Free-text object descriptions:
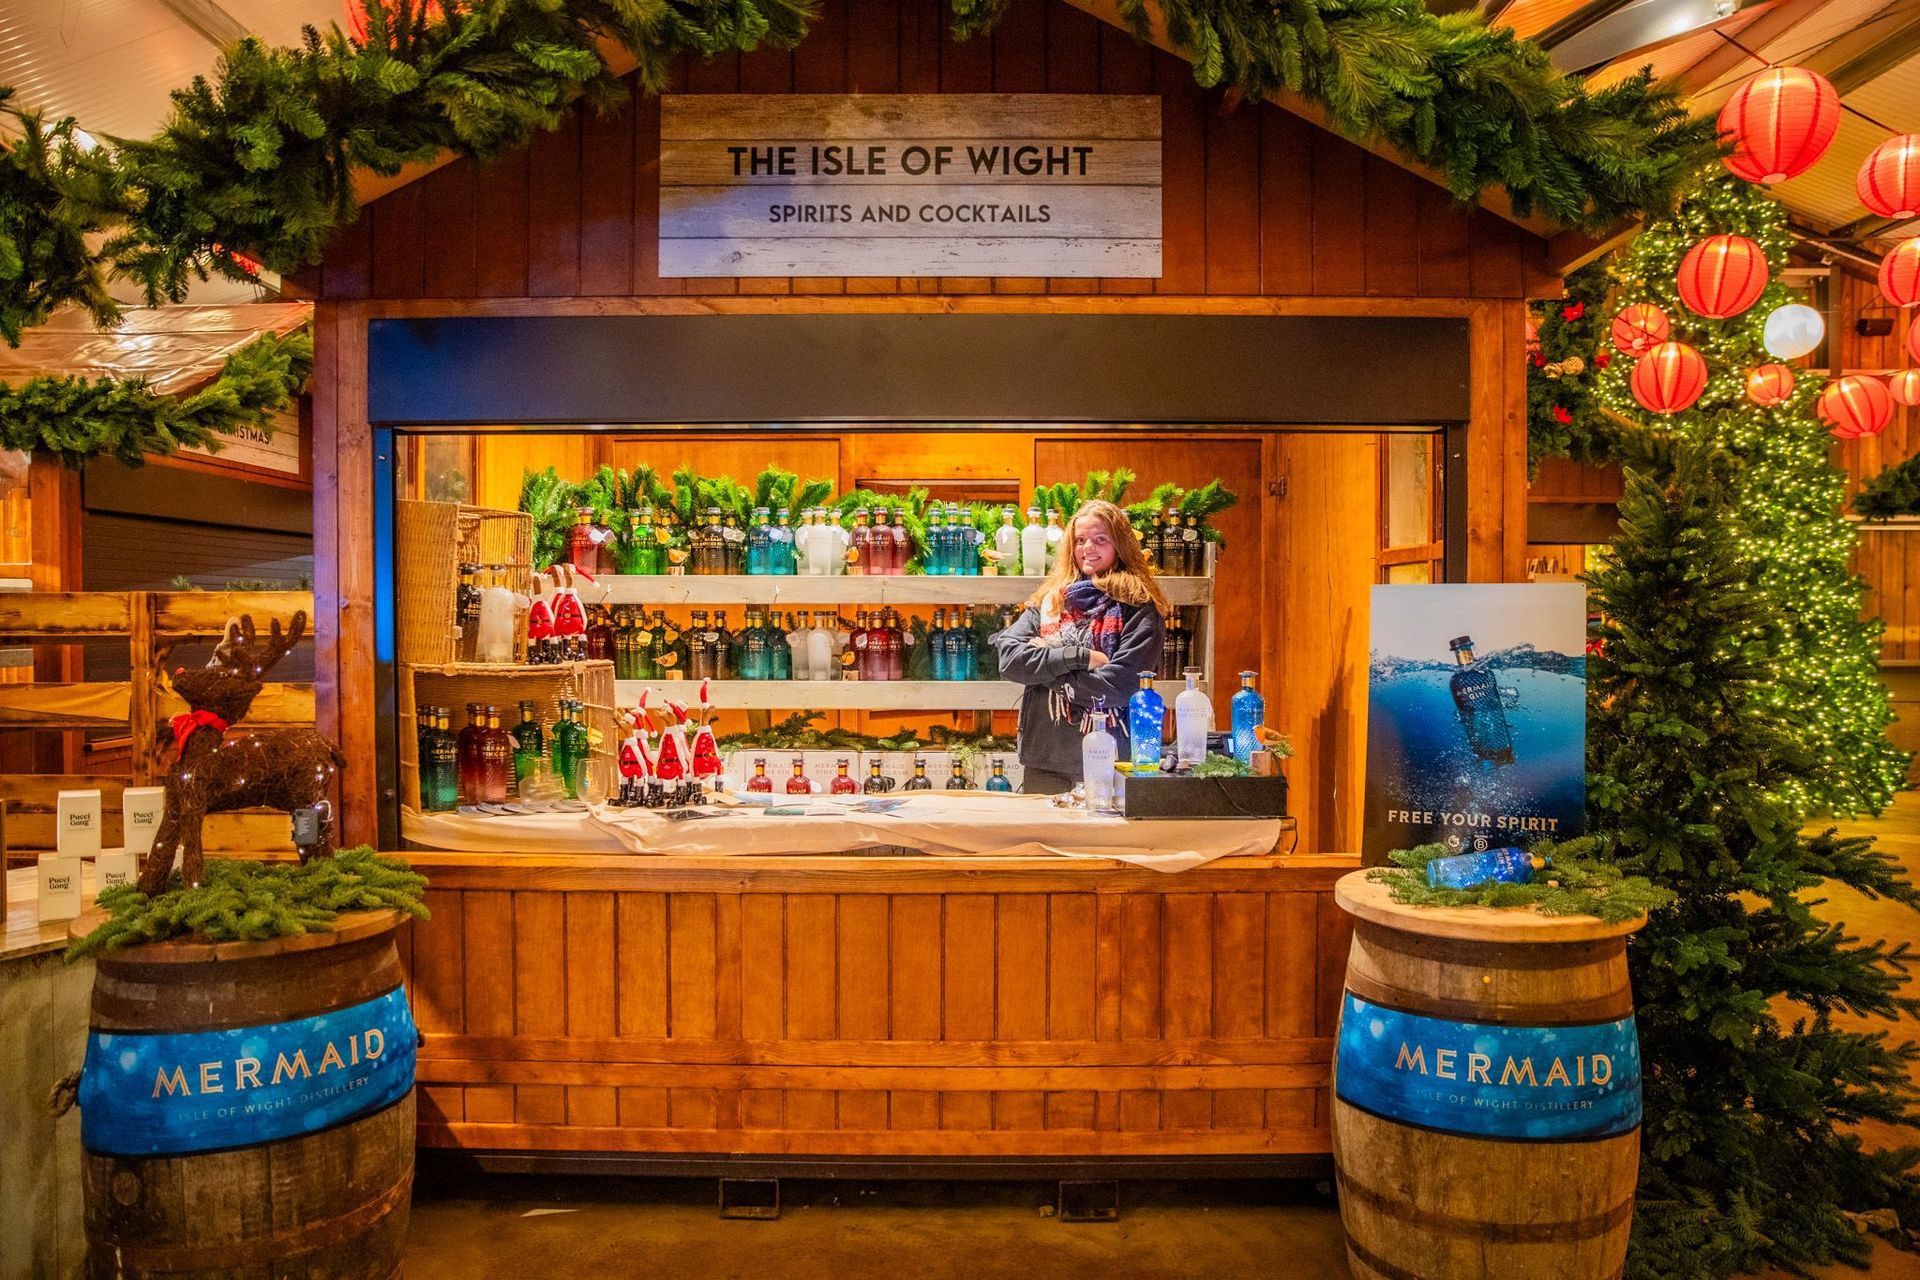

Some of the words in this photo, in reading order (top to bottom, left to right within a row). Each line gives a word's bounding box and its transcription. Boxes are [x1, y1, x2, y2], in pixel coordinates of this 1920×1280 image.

[727, 146, 797, 176] THE
[811, 146, 887, 176] ISLE
[900, 146, 953, 176] OF
[966, 146, 1094, 176] WIGHT
[768, 204, 853, 224] SPIRITS
[861, 204, 912, 224] AND
[918, 204, 1052, 224] COCKTAILS
[1468, 690, 1486, 700] GIN
[69, 813, 91, 821] Pucci
[132, 811, 154, 819] Pucci
[1387, 809, 1433, 825] FREE
[1440, 811, 1491, 828] YOUR
[1496, 815, 1558, 832] SPIRIT
[48, 875, 71, 884] Pucci
[105, 871, 126, 879] Pucci
[152, 1028, 385, 1098] MERMAID
[1394, 1040, 1613, 1087] MERMAID
[179, 1111, 209, 1121] ISLE
[217, 1107, 237, 1118] OF
[244, 1096, 293, 1114] WIGHT
[299, 1076, 370, 1104] DISTILLERY
[1449, 1094, 1466, 1104] OF
[1473, 1098, 1518, 1109] WIGHT
[1524, 1100, 1594, 1111] DISTILLERY

**The task**. Every record must be copied exactly, with the pictures left out.

**Output of the exercise**.
Some of the words in this photo, in reading order (top to bottom, left to right within a row). Each line gives a word's bounding box and its transcription. Boxes are [x1, y1, x2, y2], in pixel coordinates of this 1920×1280 image.

[727, 146, 797, 176] THE
[811, 146, 887, 176] ISLE
[900, 146, 953, 176] OF
[966, 146, 1094, 176] WIGHT
[768, 204, 853, 224] SPIRITS
[861, 204, 912, 224] AND
[918, 204, 1052, 224] COCKTAILS
[1468, 690, 1486, 700] GIN
[69, 813, 91, 821] Pucci
[132, 811, 154, 819] Pucci
[1387, 809, 1433, 825] FREE
[1440, 811, 1491, 828] YOUR
[1496, 815, 1558, 832] SPIRIT
[48, 875, 71, 884] Pucci
[105, 871, 126, 879] Pucci
[152, 1028, 385, 1098] MERMAID
[1394, 1040, 1613, 1087] MERMAID
[179, 1111, 209, 1121] ISLE
[217, 1107, 237, 1118] OF
[244, 1096, 293, 1114] WIGHT
[299, 1076, 370, 1104] DISTILLERY
[1449, 1094, 1466, 1104] OF
[1473, 1098, 1518, 1109] WIGHT
[1524, 1100, 1594, 1111] DISTILLERY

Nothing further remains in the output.